Collemboles: des recycleurs à ressort

Présents dans le monde entier, les collemboles sont des organismes clés pour la bonne décomposition de la litière du sol. Leurs caractéristiques sont aussi étonnantes que les possibilités graphiques qu'ils offrent au photographe amateur.
par
Laura
Temps de lecture 3 min.

Se plonger dans la litière (ce mélange de feuilles mortes, de bactéries, champignons, micro-algues, unicellulaires et petits invertébrés), c'est un peu comme voyager dans le temps. En effet, on n'y croise que des organismes anciens, présents depuis la nuit des temps. Tout d'abord les bactéries, vieilles d'au moins 3 milliards d'années. Les unicellulaires, ensuite, qui existent depuis au moins 1,5 milliard d'années. Et enfin les champignons, qui ont colonisé la planète depuis environ 450 millions d'années.

Tous ces organismes sont ce que l'on appelle des décomposeurs. Ils consomment, transforment, et recyclent les feuilles, les arbres et les animaux morts en forêt. Parmi ces décomposeurs, on trouve les petites bêtes qui nous intéressent. Ils sont très anciens, présents depuis près de 400 millions d'années sur terre. Mais ils sont bien moins «primitifs» que les champignons et les bactéries. Il s'agit des collemboles.

Pas tout à fait des insectes

Ces petits arthropodes ont 6 pattes et ont longtemps été considérés à tort comme des insectes, auxquels ils ressemblent. Comme les insectes, ce sont bien des hexapodes, mais ils en sont la classe sœur, et en sont bien séparés. Ils sont minuscules, seulement quelques millimètres en moyenne pour les plus costauds (jusqu'à 4 mm pour l'espèce qui illustre principalement cet article: Dicyrtomina ornata). Ils ont des aspects extrêmement variés: globulaires ou allongés, poilus ou glabres, de différentes couleurs. Ils sont présents partout dans le monde, depuis le bord de mer, jusqu'à plus de 6.000 m d'altitude sur les contreforts de l'Himalaya. Les collemboles, c'est du solide!
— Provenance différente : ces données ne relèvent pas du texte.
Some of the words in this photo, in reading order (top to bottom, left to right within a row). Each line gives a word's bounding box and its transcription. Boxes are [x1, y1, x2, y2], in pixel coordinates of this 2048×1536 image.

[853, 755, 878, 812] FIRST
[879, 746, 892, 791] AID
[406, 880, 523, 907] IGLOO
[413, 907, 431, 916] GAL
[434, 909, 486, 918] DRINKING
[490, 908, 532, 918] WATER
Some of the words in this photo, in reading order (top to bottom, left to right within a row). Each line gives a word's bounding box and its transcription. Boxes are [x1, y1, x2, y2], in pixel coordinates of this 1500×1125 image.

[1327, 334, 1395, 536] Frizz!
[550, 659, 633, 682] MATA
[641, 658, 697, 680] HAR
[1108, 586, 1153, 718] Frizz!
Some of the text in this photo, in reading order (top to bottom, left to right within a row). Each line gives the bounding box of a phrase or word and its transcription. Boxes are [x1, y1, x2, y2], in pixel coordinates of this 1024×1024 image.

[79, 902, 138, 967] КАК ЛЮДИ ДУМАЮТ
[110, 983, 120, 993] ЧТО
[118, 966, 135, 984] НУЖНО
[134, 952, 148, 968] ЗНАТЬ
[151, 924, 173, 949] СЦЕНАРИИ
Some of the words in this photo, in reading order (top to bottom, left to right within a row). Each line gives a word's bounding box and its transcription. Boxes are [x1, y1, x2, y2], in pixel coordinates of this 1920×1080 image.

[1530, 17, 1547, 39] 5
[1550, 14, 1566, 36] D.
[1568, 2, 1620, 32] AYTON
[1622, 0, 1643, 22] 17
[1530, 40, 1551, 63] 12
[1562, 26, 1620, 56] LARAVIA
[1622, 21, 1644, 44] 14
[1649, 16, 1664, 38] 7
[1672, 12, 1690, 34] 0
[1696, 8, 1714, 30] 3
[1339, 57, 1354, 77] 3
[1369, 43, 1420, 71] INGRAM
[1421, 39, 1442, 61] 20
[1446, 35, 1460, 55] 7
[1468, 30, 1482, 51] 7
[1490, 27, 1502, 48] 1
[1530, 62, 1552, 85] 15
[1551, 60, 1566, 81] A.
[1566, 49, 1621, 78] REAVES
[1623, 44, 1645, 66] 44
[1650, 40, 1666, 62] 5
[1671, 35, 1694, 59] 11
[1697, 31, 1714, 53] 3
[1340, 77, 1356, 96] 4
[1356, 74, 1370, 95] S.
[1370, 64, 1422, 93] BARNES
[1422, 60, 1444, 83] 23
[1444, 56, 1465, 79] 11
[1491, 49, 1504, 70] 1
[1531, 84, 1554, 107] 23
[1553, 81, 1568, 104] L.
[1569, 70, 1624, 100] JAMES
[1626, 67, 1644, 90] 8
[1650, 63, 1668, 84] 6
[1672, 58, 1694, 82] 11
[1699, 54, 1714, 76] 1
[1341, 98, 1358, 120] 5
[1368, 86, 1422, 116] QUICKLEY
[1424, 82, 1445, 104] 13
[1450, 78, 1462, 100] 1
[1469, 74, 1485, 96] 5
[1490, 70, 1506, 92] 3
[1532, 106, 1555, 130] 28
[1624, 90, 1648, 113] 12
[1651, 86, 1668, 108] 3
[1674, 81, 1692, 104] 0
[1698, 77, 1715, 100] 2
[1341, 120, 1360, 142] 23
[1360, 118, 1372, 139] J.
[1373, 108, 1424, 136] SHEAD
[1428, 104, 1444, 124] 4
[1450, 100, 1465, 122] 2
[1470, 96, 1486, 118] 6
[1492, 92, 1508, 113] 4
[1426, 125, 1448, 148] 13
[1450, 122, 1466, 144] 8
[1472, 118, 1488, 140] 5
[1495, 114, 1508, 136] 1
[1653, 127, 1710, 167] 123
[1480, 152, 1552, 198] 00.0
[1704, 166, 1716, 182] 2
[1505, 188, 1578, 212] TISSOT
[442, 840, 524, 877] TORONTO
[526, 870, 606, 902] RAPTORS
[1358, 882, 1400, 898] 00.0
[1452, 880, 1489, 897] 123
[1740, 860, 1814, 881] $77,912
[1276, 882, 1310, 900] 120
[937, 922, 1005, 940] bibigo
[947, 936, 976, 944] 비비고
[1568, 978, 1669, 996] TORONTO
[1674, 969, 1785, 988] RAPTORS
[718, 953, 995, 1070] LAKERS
Il ne s'agit pas d'insectes, mais comment faire la différence? Facile, grâce à la présence d'un organe très particulier: la «furca». Ce petit appendice segmenté, unique dans le règne animal, est un organe qui participe à la meilleure défense du collembole en cas d'attaque d'un prédateur (ou d'un photographe pourtant pacifique): la fuite. La furca est en effet une sorte de ressort naturel, que le collembole peut tendre ou détendre selon qu'il doive fuir ou non. Au moyen de ce ressort surpuissant, le collembole stressé peut effectuer des bonds équivalents à plus de 100 fois sa propre taille. L'équivalent de deux atomiums posés l'un sur l'autre à l'échelle d'un humain. Ça donne le vertige.

Un maillon essentiel du cycle forestier

Ce n'est pas uniquement cette particularité morphologique qui rend les collemboles intéressants dans nos forêts. Dès qu'un sol est disponible, on en trouve! En effet, on en dénombre 211 espèces en Belgique et plus de 8.000 espèces à travers le monde. On estime même à 50.000 le nombre réel d'espèces, tant on en découvre de nouvelles chaque année. La plupart vivent dans le sol et à sa surface immédiate, dans les feuilles mortes. Mais il ne faut pas être dupe, ces petits animaux ont leurs menus préférés. En effet, si on ne trouve qu'environ 10.000 individus/m² dans un jardin ou un champ cultivé, ils sont parfois plus de 300.000 individus/m² dans le sol d'une forêt de chênes.

Par leur alimentation composée de feuilles en décomposition, mais aussi de bactéries, et de champignons décomposeurs, les collemboles sont des acteurs majeurs dans la mobilisation et la circulation des nutriments (azote, potassium, phosphore, carbone…). En plus de transporter les spores de champignons, ils agissent en véritables fermiers en régulant et stimulant les populations microbiennes, rendant ainsi disponibles pour les végétaux des nutriments qui seraient restés immobiles au sein de ces micro-organismes.

Le rôle de ces petits consommateurs de feuilles méconnus est donc primordial pour le bon fonctionnement de nos forêts, tant pour la circulation et la transmission que pour la disponibilité des éléments nutritifs. Ils sont les recycleurs de nos massifs forestiers et sans eux, nos forêts ne seraient qu'un désert.